Content starts

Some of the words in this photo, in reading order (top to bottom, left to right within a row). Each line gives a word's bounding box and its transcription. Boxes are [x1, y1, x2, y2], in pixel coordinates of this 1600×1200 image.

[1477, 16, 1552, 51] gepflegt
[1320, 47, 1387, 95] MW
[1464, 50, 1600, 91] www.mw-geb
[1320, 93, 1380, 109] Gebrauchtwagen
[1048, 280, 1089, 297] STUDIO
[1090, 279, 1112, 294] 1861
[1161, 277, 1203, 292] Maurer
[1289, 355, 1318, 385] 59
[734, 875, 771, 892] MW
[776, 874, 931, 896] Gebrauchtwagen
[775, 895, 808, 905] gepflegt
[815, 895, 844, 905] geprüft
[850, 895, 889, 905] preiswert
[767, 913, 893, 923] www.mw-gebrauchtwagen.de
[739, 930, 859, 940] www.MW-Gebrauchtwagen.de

Content ends

§ REQUIRED WORK
In your response, give all the records again with nothing altered.

§ EXERCISE RESPONSE
Some of the words in this photo, in reading order (top to bottom, left to right within a row). Each line gives a word's bounding box and its transcription. Boxes are [x1, y1, x2, y2], in pixel coordinates of this 1600×1200 image.

[1477, 16, 1552, 51] gepflegt
[1320, 47, 1387, 95] MW
[1464, 50, 1600, 91] www.mw-geb
[1320, 93, 1380, 109] Gebrauchtwagen
[1048, 280, 1089, 297] STUDIO
[1090, 279, 1112, 294] 1861
[1161, 277, 1203, 292] Maurer
[1289, 355, 1318, 385] 59
[734, 875, 771, 892] MW
[776, 874, 931, 896] Gebrauchtwagen
[775, 895, 808, 905] gepflegt
[815, 895, 844, 905] geprüft
[850, 895, 889, 905] preiswert
[767, 913, 893, 923] www.mw-gebrauchtwagen.de
[739, 930, 859, 940] www.MW-Gebrauchtwagen.de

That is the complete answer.